Cons of Work titles being in English (as opposed to whatever language they are in)

Pros of Work titles being in English

Want to make a case for the change? Show me data that supports it. Show me bounce statistics from users landing on non-English works. Show me emails from users who are upset about having to deal with non-English titles of non-English books. It's a data driven site, so where is the data that supports this?

cdrini commented 4 years ago

@LeadSongDog

We should have a mechanism that can show all the distinct titles of a work, with preference to those in whatever language the user asks for.

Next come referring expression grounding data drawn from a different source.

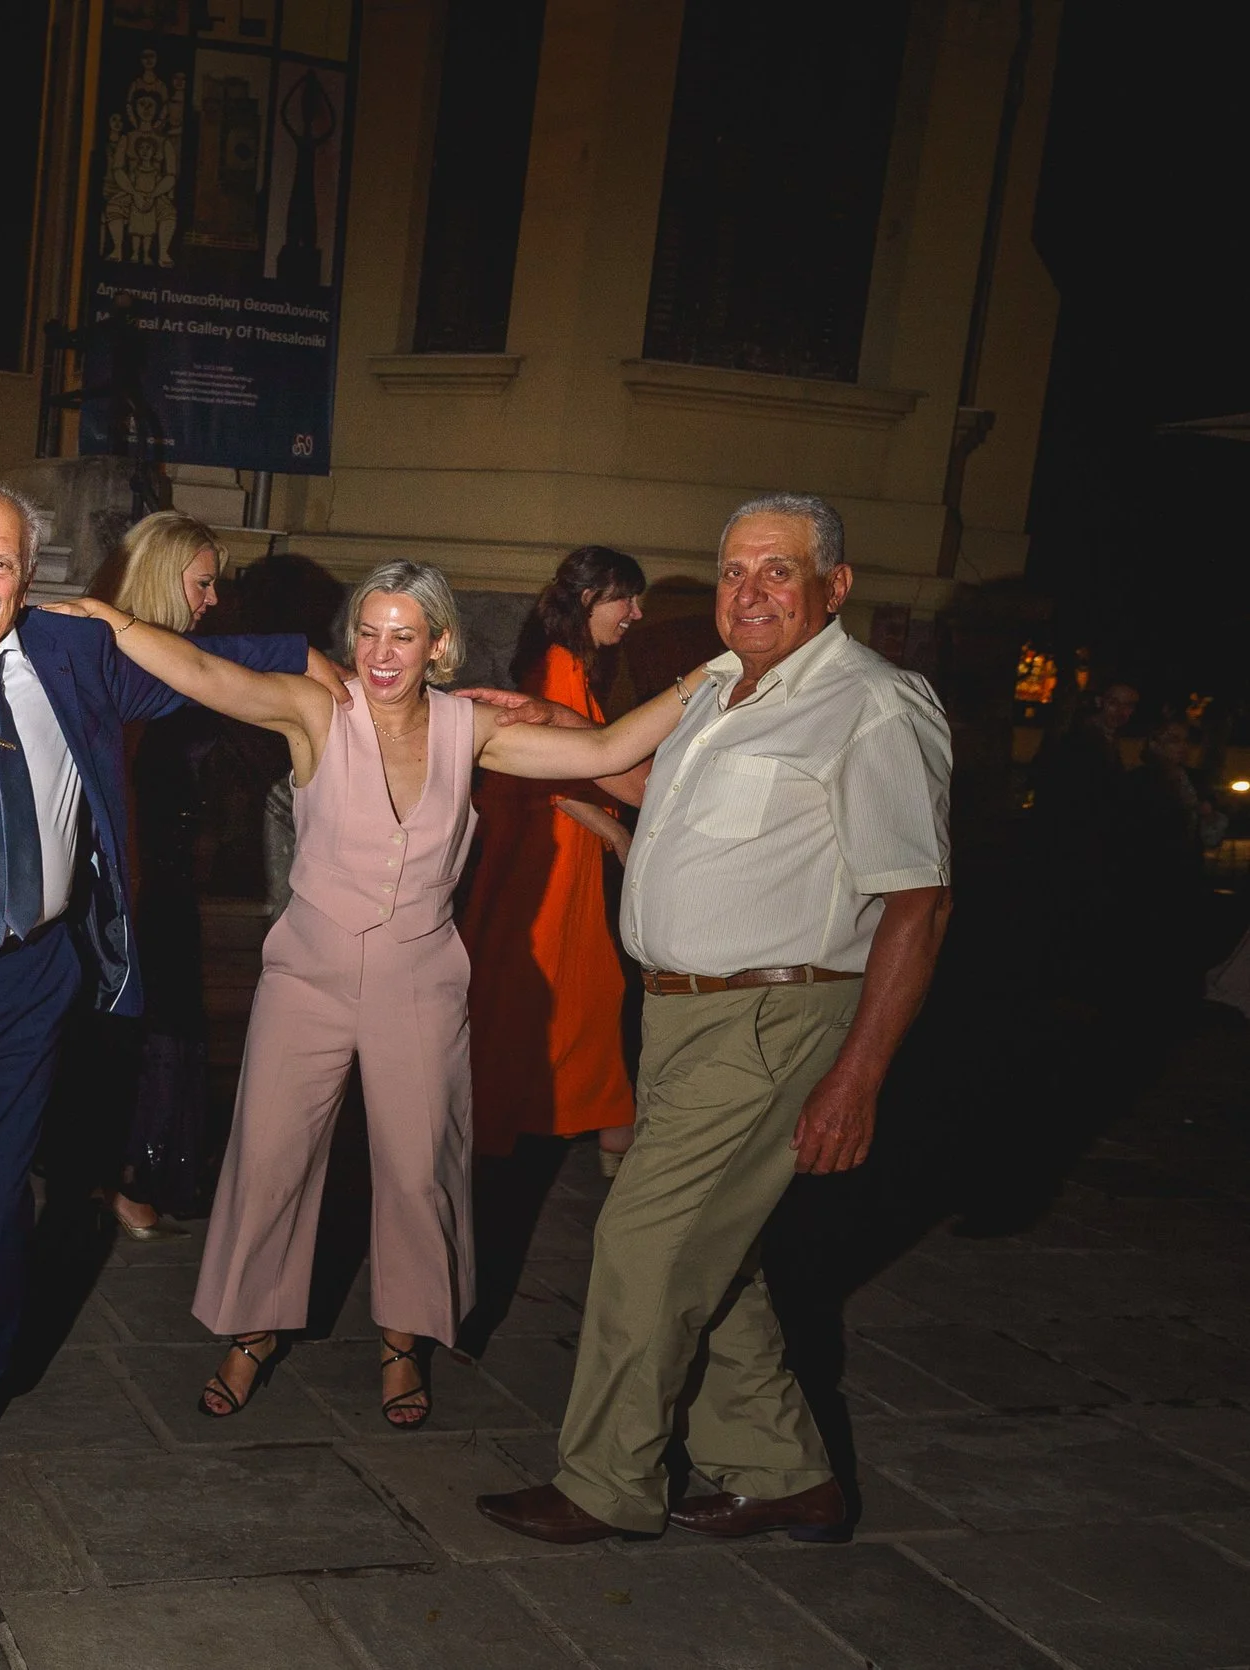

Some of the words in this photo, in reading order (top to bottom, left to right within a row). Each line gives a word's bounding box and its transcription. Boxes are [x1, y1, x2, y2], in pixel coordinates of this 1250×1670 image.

[161, 289, 240, 312] Πινακοθήκη
[243, 298, 330, 323] Θεσσαλονίκης
[161, 318, 184, 333] Art
[186, 320, 233, 340] Gallery
[235, 324, 254, 339] Of
[254, 326, 327, 349] Thessaloniki

Strong agree; in the long term I think the work should list all titles (in some fashion). This is mostly deciding what to do in the interim until we have the time to work on that.

cdrini commented 4 years ago

@jessamynwest Thank you for the feedback; I honestly want to have a discussion about this, but felt like I was getting auto-shut down with "What is wrong with you?" style comments.

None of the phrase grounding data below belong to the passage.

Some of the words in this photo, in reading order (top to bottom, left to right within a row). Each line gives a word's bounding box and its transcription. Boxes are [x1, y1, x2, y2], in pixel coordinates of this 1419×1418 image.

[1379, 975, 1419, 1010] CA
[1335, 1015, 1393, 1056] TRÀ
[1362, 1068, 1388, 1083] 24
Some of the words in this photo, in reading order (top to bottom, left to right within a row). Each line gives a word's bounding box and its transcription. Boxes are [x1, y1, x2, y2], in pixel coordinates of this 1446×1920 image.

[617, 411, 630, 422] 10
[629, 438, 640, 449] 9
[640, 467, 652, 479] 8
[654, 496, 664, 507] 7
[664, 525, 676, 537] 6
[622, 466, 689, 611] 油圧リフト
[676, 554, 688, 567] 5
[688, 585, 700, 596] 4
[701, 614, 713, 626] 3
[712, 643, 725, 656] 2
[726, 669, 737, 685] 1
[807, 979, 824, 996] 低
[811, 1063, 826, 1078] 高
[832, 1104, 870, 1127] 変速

dcapillae commented 4 years ago

@LeadSongDog wrote:

The oldest surviving text is the 1478 collected works, where the translation into Latin is attributed to Rinuccio d'Arezzo with the Latin title Vita et Fabulae. We certainly can't be sure what the first Greek titles were, nor can we be sure that the stories originated with Aesop. What we can do is identify the earliest known text, from which others are derived.

I'm not a specialist in the field. Librarians and archivists surely know what to do in these cases.

Consulting some cataloguing manuals, they prescribe that the transcription of the title must respect the spelling of the original work (the oldest book preserved, in this case). Some manuals also indicate how to transcribe certain letters of the original title which are not directly equivalent to modern letters in the case of old documents.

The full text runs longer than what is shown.